This document describes the problem space for turning real usage logs into high-quality training data—after privacy-safe processing—so that fine-tuned or post-trained models improve on both question answering and agentic behavior.
Ingest logs → remove PII → build a trajectory-oriented pipeline (controlled diversity plus explicit trajectory-complexity scheduling) that exports SFT (LoRA) and DPO–ready data, improves behavior, and supports training a smaller replacement model—all without leaking sensitive information.
- Sources: Application logs that mix direct Q&A (user question, model answer, possibly retrieval context) with agentic sessions (multi-turn dialogue, tool or API calls, environment feedback, partial failures, retries, and setup/configuration steps).

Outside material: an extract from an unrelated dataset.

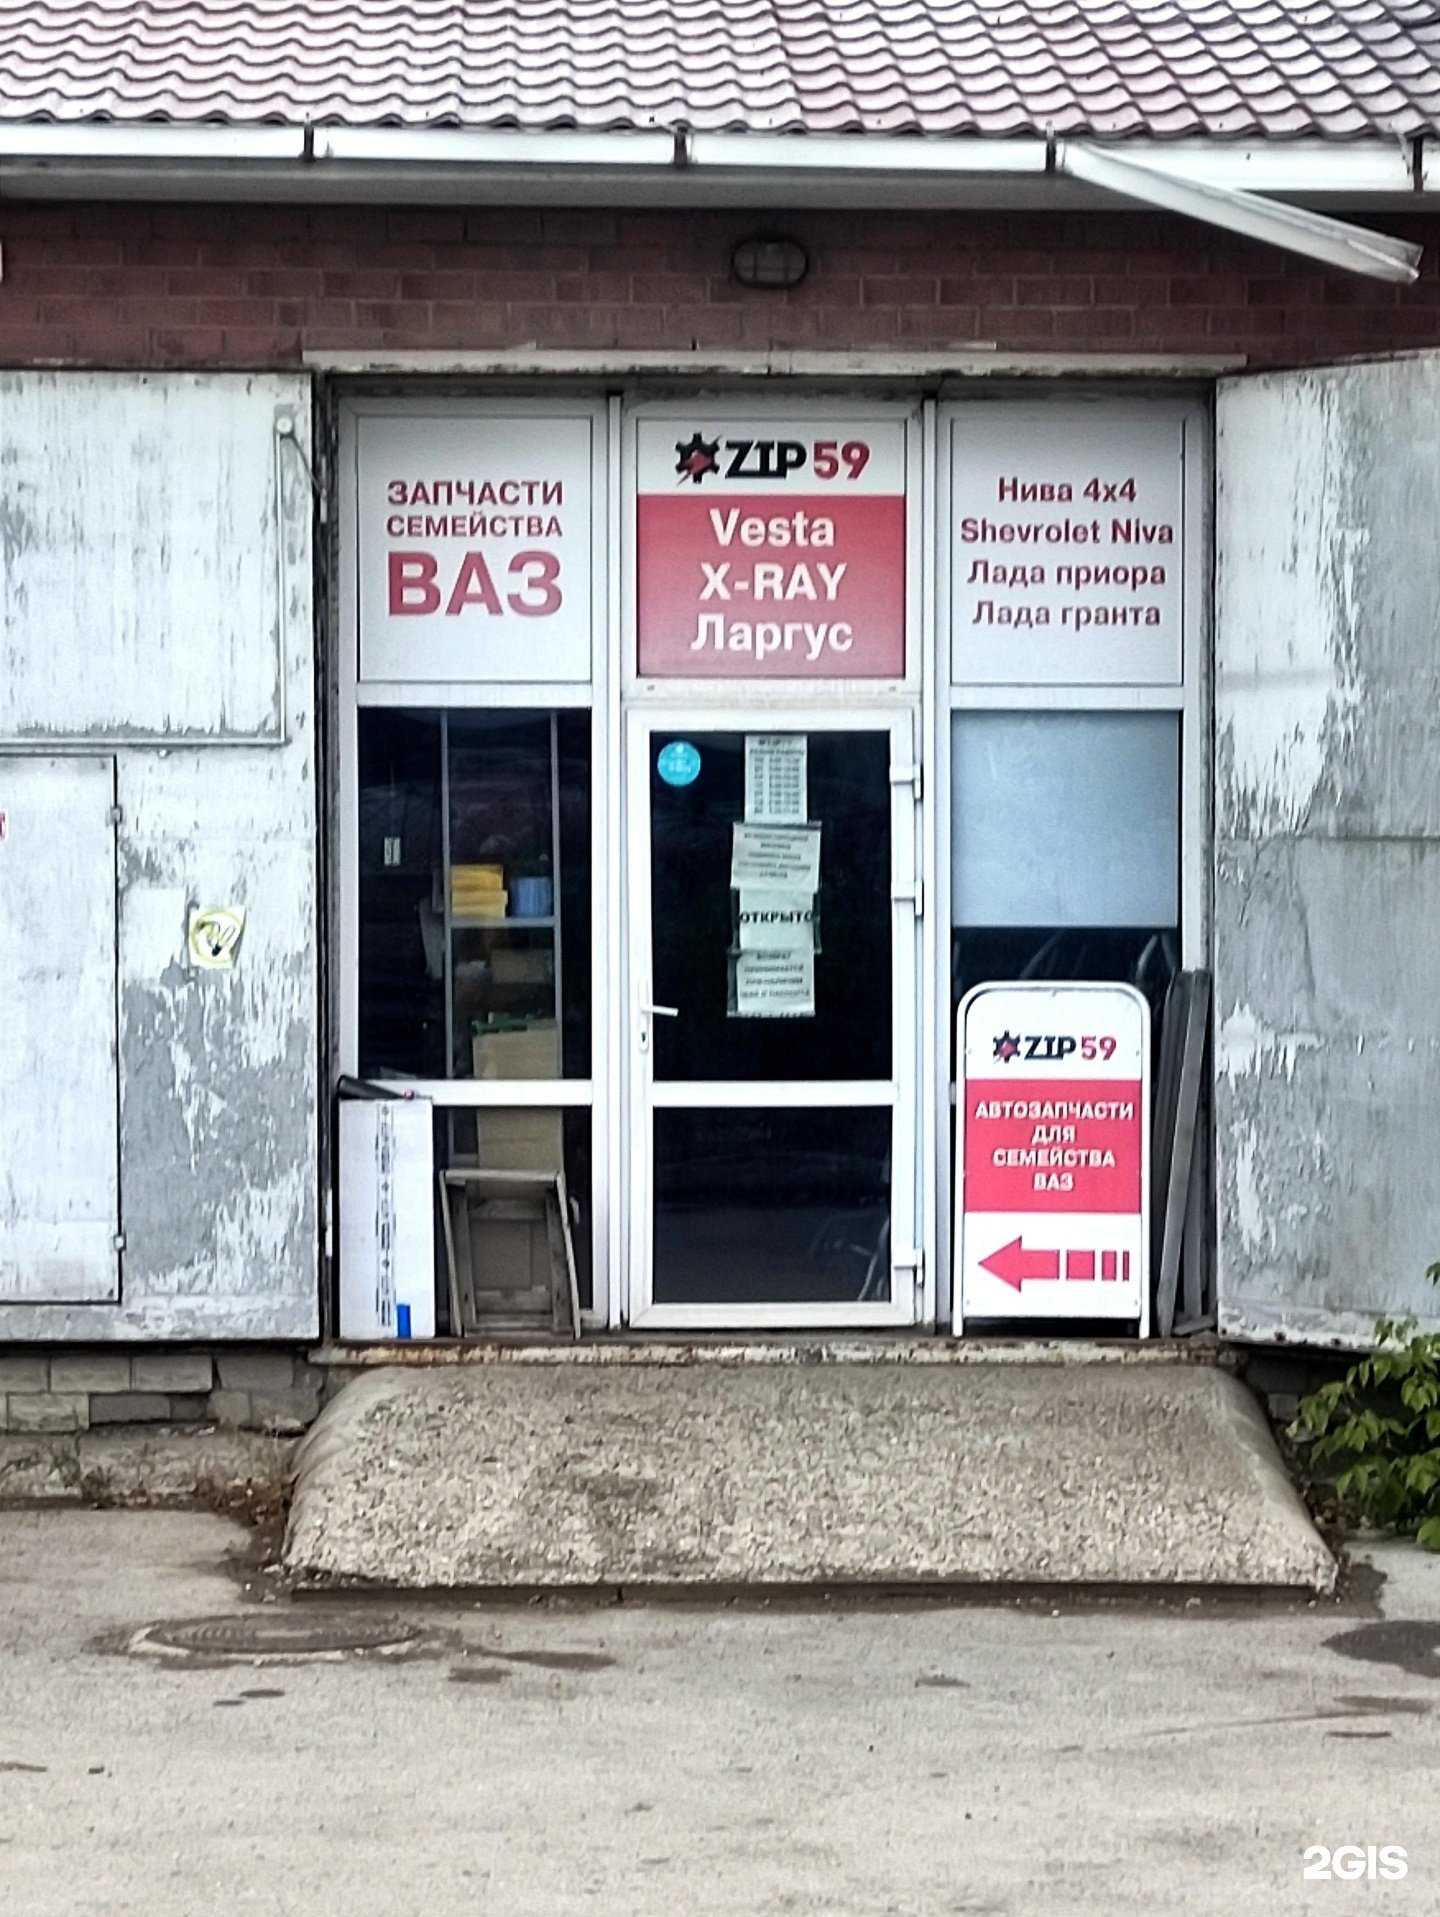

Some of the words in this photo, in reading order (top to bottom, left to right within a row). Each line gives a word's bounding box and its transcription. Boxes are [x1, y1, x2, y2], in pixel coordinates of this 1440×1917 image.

- Constraint: Logs contain personally identifiable information (PII) and possibly sensitive business data. Nothing that identifies individuals or confidential entities should reach training stores or third-party trainers without explicit policy, consent, and technical controls.

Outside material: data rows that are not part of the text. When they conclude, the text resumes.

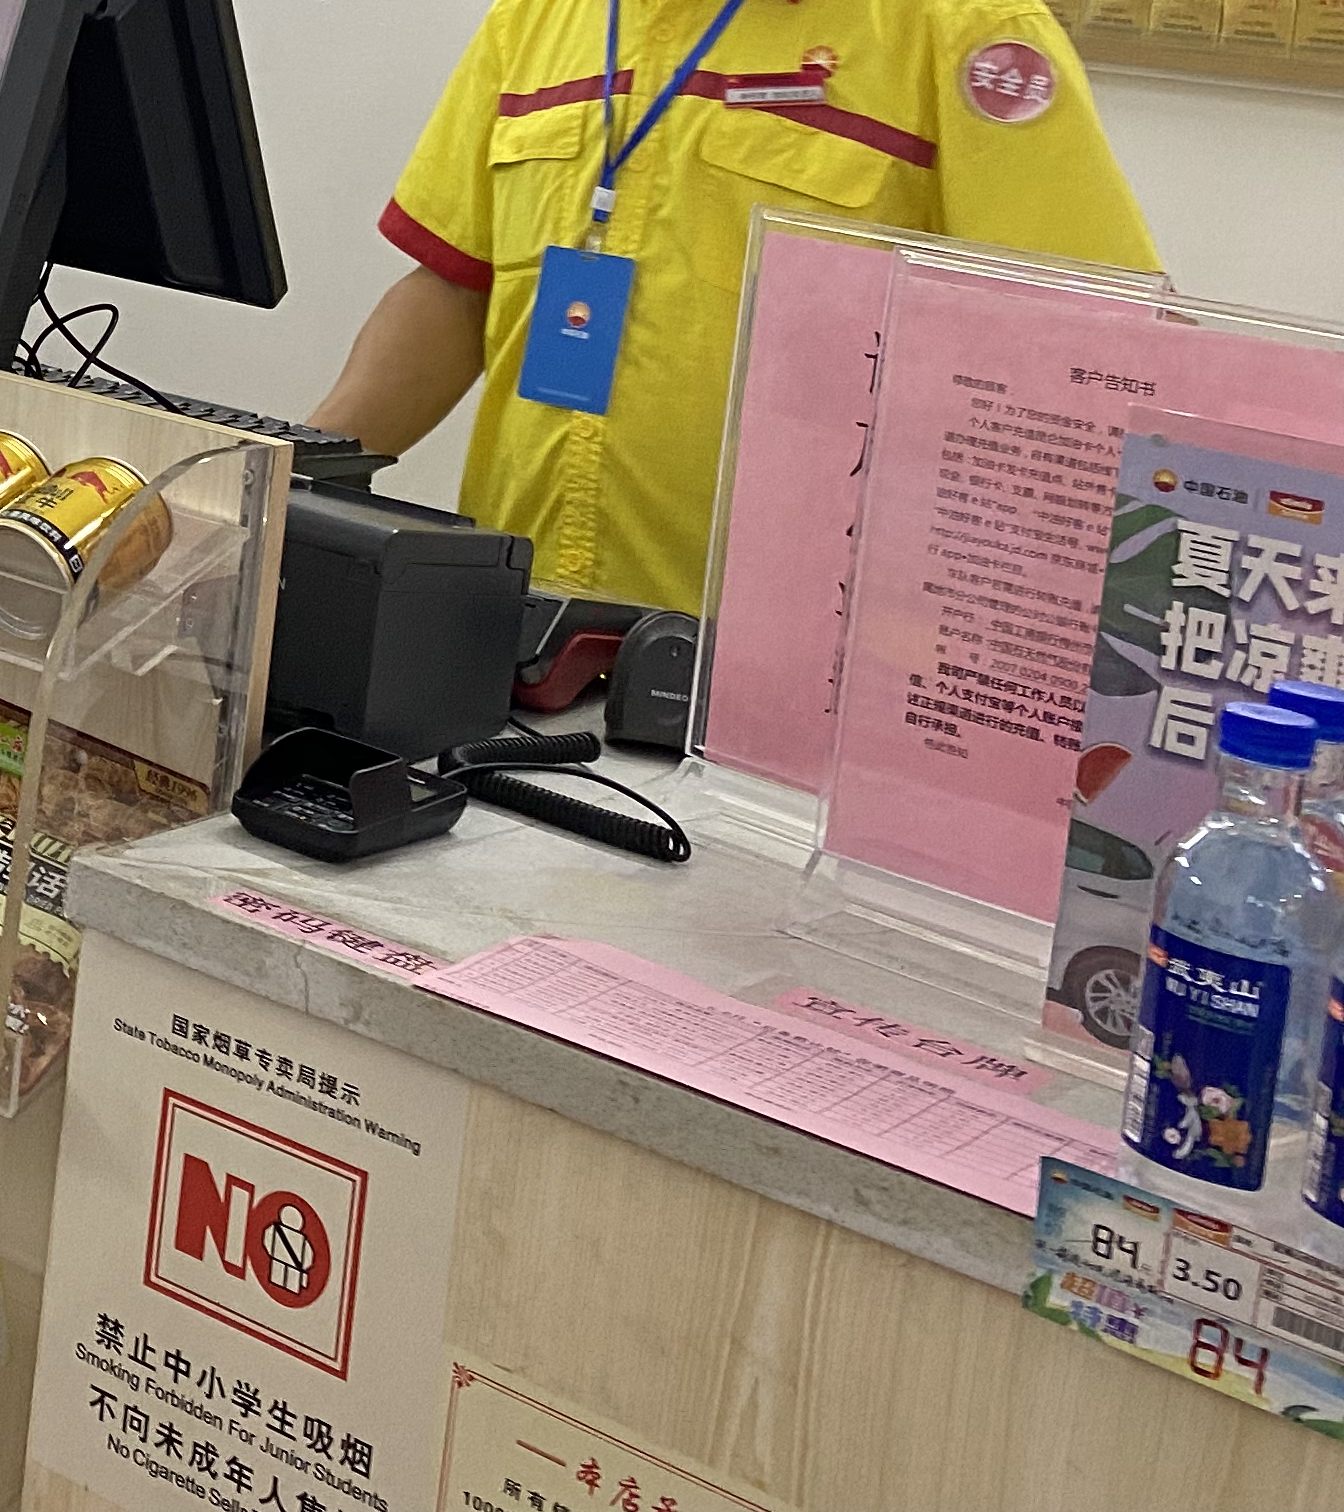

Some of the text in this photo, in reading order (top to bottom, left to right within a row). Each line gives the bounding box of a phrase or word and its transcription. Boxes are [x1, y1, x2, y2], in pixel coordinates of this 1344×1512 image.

[970, 59, 1053, 103] 安全员
[1069, 367, 1157, 397] 客户告知书
[1182, 478, 1249, 505] 中国石油
[1149, 685, 1216, 761] 后
[223, 891, 438, 976] 密码键盘
[1166, 958, 1261, 1000] 武夷山
[170, 1012, 363, 1107] 国家烟草专卖局提示
[792, 995, 1029, 1081] 宣传台牌
[112, 1017, 422, 1157] State Tobacco Monopoly Administration Warning
[174, 1151, 332, 1310] NO
[1172, 1257, 1244, 1302] 3.50
[74, 1341, 391, 1512] Smoking Forbidden For Junior Students
[94, 1312, 375, 1481] 禁止中小学生吸烟
[106, 1432, 131, 1460] No
[131, 1447, 207, 1500] Cigarette

- Outcome: A repeatable pipeline that produces datasets suitable for state-of-the-art (SOTA) practice: not merely “pairs of strings,” but trajectory-shaped supervision where needed, distributions and splits, tags for compositional complexity (steps, tools, recovery), diversity guarantees, and—where relevant—verifiable multi-turn traces aligned with how capable agents are trained and evaluated. Exported data should be usable without rework in common SFT (LoRA) and DPO stacks (e.g. Hugging Face
datasets+ PEFT / TRL-style trainers), and structured so a student model can later match the teacher behavior seen in production.
This repository (or project folder) is a staging ground for defining requirements, experiments, and eventually implementations for that pipeline—not necessarily the final training code itself.
- Normalize heterogeneous log formats (JSON, plain text, tracing spans) into a common event schema (user turn, assistant turn, tool invocation, tool result, system message, errors).
- Segment continuous streams into training units: single-turn Q&A, multi-turn threads, and agent trajectories (tool graphs, not only final answers).
- Label or infer metadata where possible: task type, domain, language, success/failure, latency, tool names, number of hops—without re-identifying users.
- Discover PII (names, emails, phone numbers, addresses, IDs, URLs with tokens, free-text secrets) using rules, NER, and organization-specific dictionaries.
- Redact or replace with consistent placeholders (e.g. synthetic tokens) so that statistics and linguistic patterns remain useful while identifiers do not.
- Audit: sampling and human review for false negatives; document what was removed and residual risk (e.g. rare indirect identification).
- Align with data retention, purpose limitation, and subprocessors policies before any export for training.
Depending on the training stage, targets may include:
| Stage / objective | Typical data derived from logs |
|---|---|
| SFT (LoRA) — Q&A | Instruction → response, or short multi-turn chat in the same template as inference. |
| SFT (LoRA) — agentic | Full or segmented trajectories in chat/tool format: state → action (tool) → observation → next action; behavior-cloning targets from successful (or corrected) rollouts. |
| Preference / DPO | Shared prefix plus chosen vs. rejected suffixes: edits, thumbs, failed vs. successful trace for same intent, or governed synthetic negatives. |
| Evaluation | Held-out sets mirroring production mix by trajectory complexity and tool mix, not only loss on text. |
The pipeline should treat export formats as first-class requirements so the same underlying examples (or parallel views) can feed supervised fine-tuning with LoRA and Direct Preference Optimization without ad-hoc rewrites.
SFT (LoRA):
- Emit standard chat or completion records (e.g.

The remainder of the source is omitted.